Introduction: Arduino RC Car With Long Range and Custom Transmitter.

About: A eletrical engeneering student, video games lover and hardware aficionado. Starting my journey through the world of electronics. Microcontrollers?! I love them!

Hi! This is my first instructable.

In it I'll show you how to make a RC car with Arduino and the nrf24l01+ wireless module, or how to upgrade a cheap 27 MHz RC car.

The old RC car, which from I take the chassis, and the heli Controller, I got from a friend of mine, they weren't working anymore, the controller was from a 3.5 Channel helicopter.
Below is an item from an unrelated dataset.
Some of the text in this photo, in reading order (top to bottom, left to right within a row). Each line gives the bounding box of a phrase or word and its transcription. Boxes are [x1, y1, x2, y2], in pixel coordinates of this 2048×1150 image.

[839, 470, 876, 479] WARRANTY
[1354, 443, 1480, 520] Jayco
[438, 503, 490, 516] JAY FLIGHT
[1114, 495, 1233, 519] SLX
I decided to take off the old electronics from them and substitute with my own.

The vantage with the the nrf24l01+ is that it can transmit from more than 30 meters, from sources in the internet, I still not tested the maximum range that this setup can cover, but I have seen that is very far.

English isn't my mother language, so if you think that something is wrong, let me know in the comments.
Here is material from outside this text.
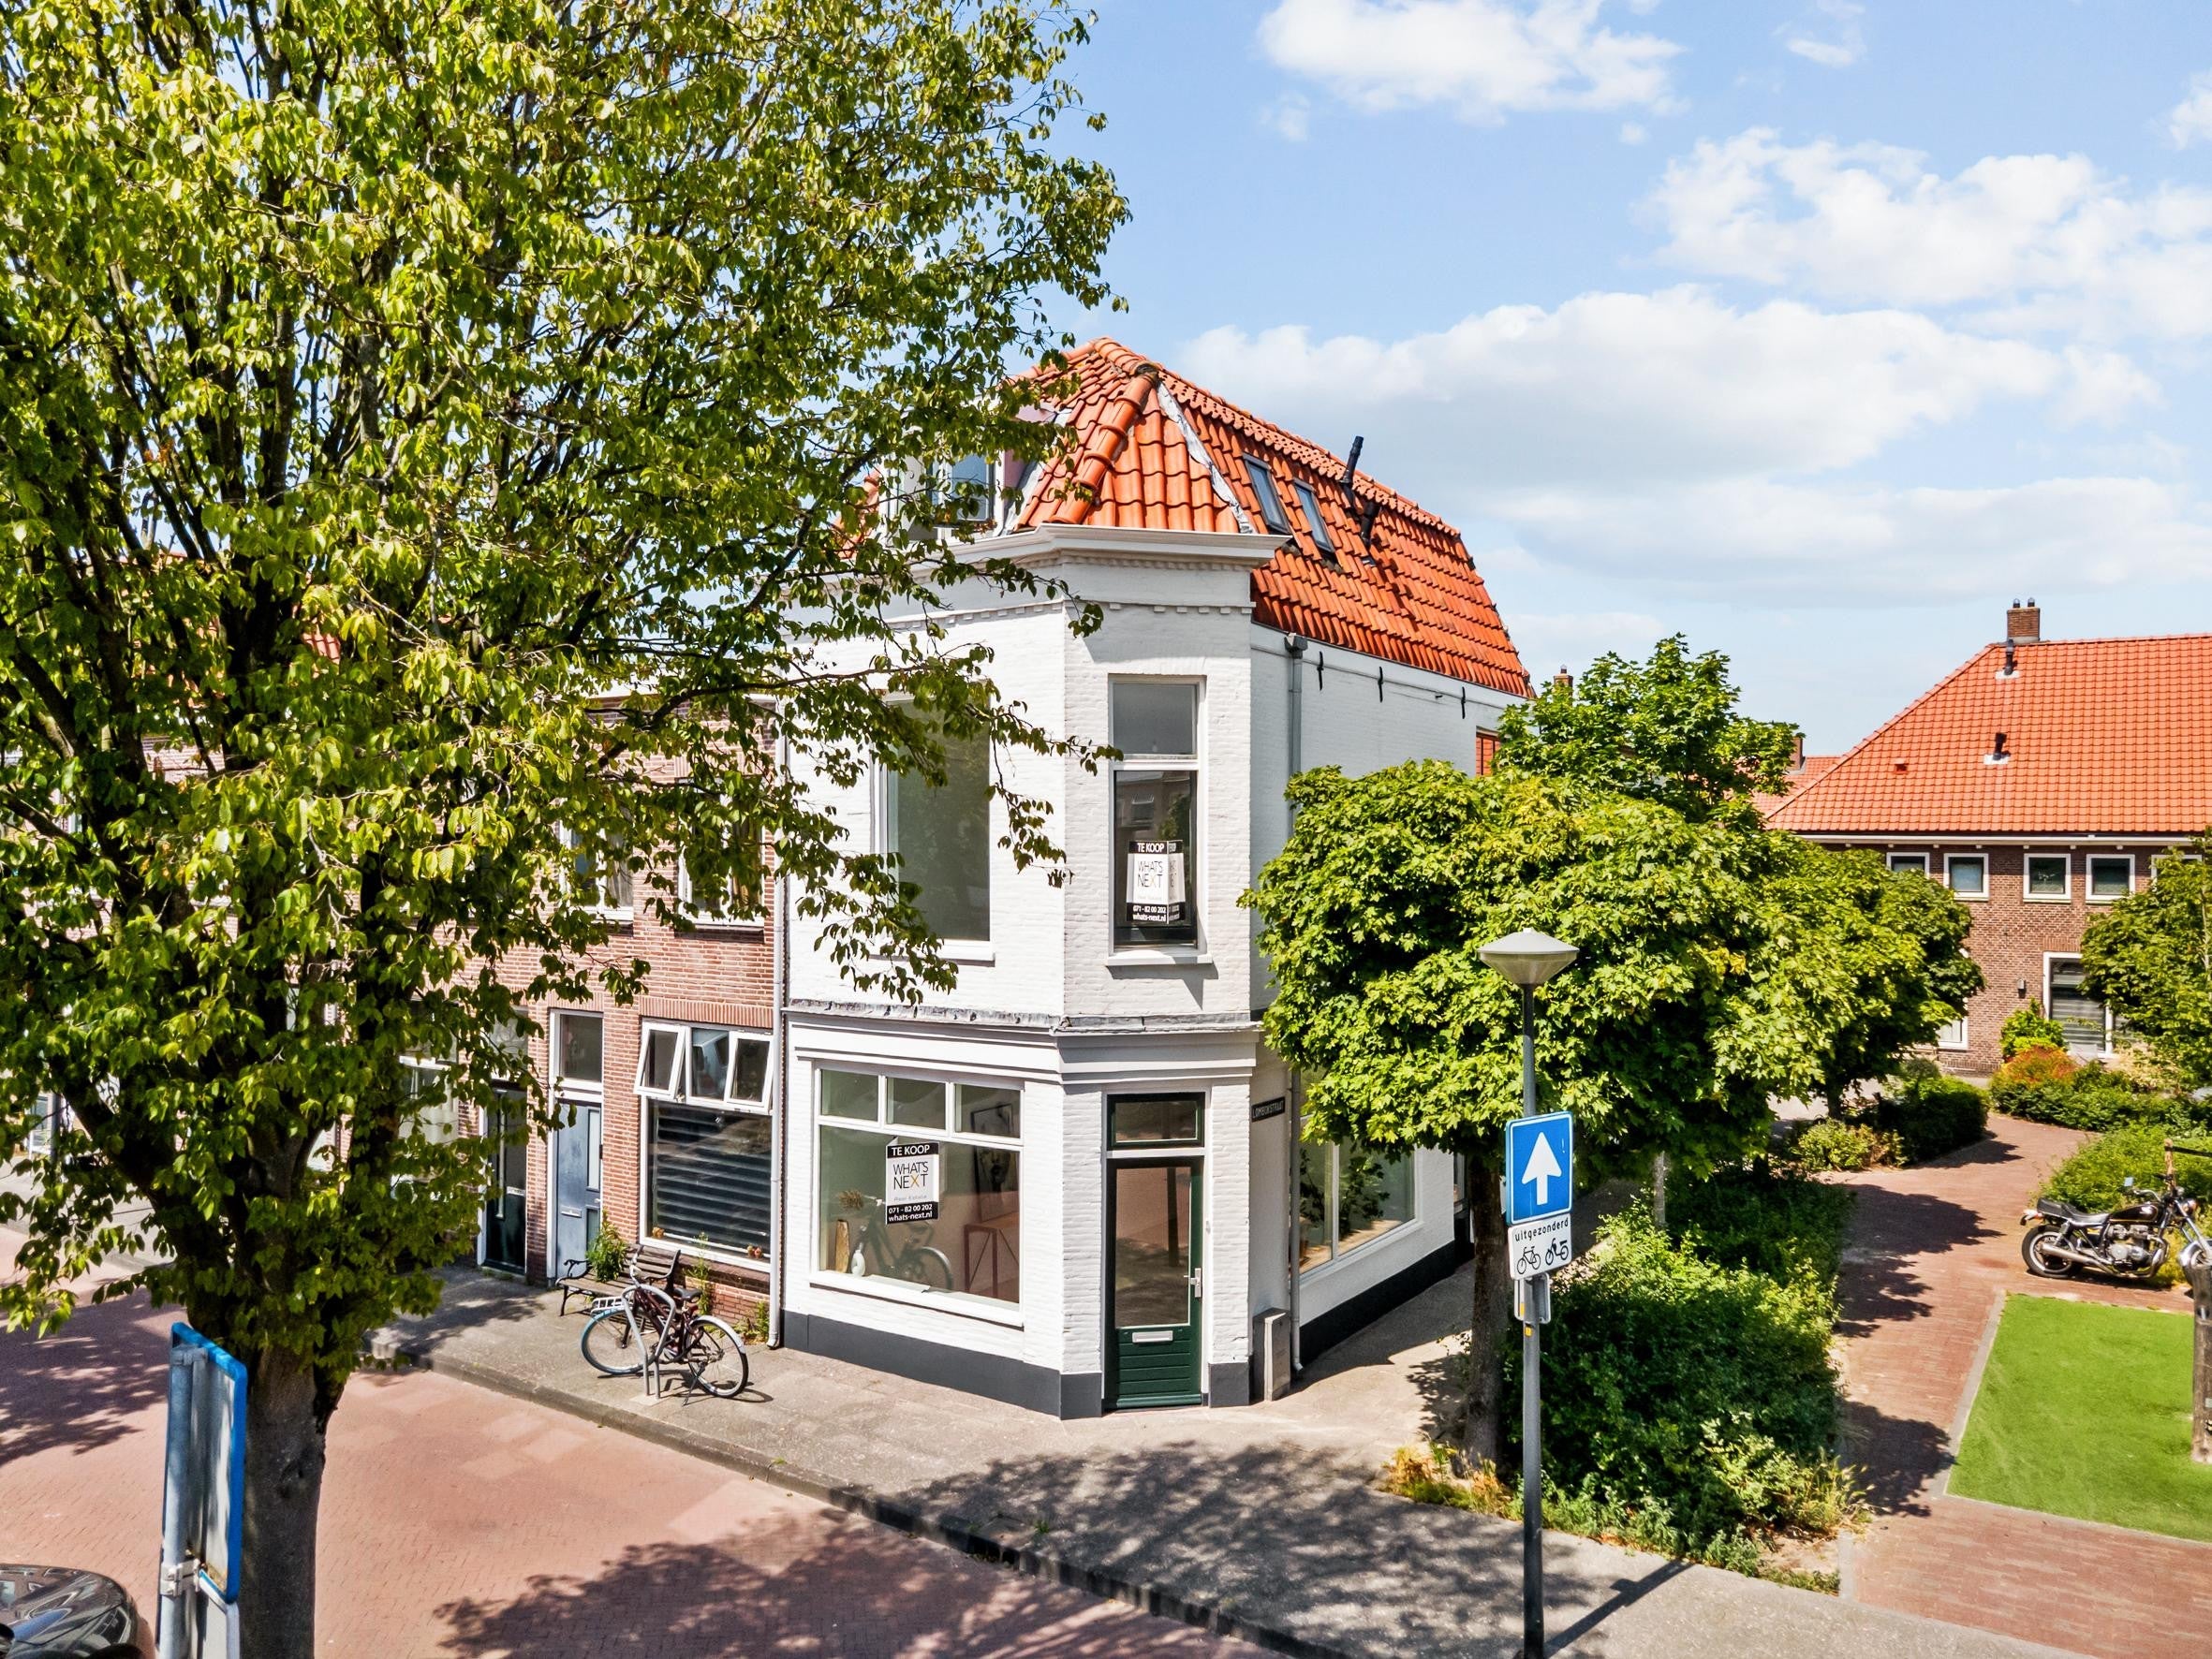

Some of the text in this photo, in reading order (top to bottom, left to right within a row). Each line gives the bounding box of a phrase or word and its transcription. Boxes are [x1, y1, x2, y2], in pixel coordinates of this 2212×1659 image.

Step 1: Gathering Stuff to the Controller

To make the controller I needed:

1 x Atmega8 (could be the Atmega328, but I think that it is too much power to this simple job).

1 x LCD module 16x02.

1 x 10kΩ trimpot.

1 x Nrf24L01+ wireless module.

2 x Push buttons with that screw.

1 x 1 kΩ resistor.

1 x 10 kΩ resistor.

1 x 16 MHz crystal.

1 x 5 V regulator (I used the 7805).

1 x 9 V battery.

1 x 9 V battery holder.

A small perfboard.

Jumper wires.

I used a LM317 adjustable regulator to do drop the 9 V from the battery to 3 V to the nrf24l01, but you can use a 3V3 regulator and don't use the components below.

1 x LM317 Regulator (No needed if you use a 3v3 regulator)

1 x 330Ω resistor

1 x 470Ω resistor

Step 2: About the Controller

The controller was supposed to:

  • Read the state of the levers.
  • Read the state of the backward button.
  • Show some information on the LCD.
  • Have a serial port to burn the code and debug.
  • Have a port to easy hook the wireless module .
  • Send information to the car through the wireless module.
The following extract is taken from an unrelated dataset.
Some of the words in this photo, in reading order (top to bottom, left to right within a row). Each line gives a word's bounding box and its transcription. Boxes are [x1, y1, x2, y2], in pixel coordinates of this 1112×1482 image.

The levers are read witch the analog digital converter(ADC), just had left the potentiometers that already were in the controller. There are two levers, so two analog pins had to be used.

As the forward lever, that before was the altitude lever in the helicopter, is not is the middle(the helicopter needs only one channel to control his altitude), one button was needed to tell the car to go back, when the button is pressed the lever is backward and when it is not pressed,the lever is forward.

A serial port cable was added to project, to program the controller just open the batteries case(no more) and connect the serial cable to one USB-USART converter, like the FTDI 232 or the CP2102 and program it with the Arduino IDE.

Step 3: Burning Bootloader on the Atmega

To use the Atmega as a Arduino and program it with the serial port is necessary to burn the arduino bootloader in it.

There a lot of nice instructables teaching how to do it. Some of them below:

Just do the connections like the instructables above, select the Arduino ISP example in the Arduino IDE, burn it into the Arduino used to program the Atmega, then select Arduino as ISP as programmer in the Arduino IDE, and select "Arduino NG or older w/ Atmega 8" and then "Burn Bootloarder" in the Tools Menu.

You will need to use the picture above to know what pins in the Atmega match the Arduino standard pins.

Step 4: Making the Controller Board

I chose to make my own board, because i wanted something to hook easy the LCD display. A Arduino mini could fit well inside the controller if you don't want to make a board or aren't sure in how to do it.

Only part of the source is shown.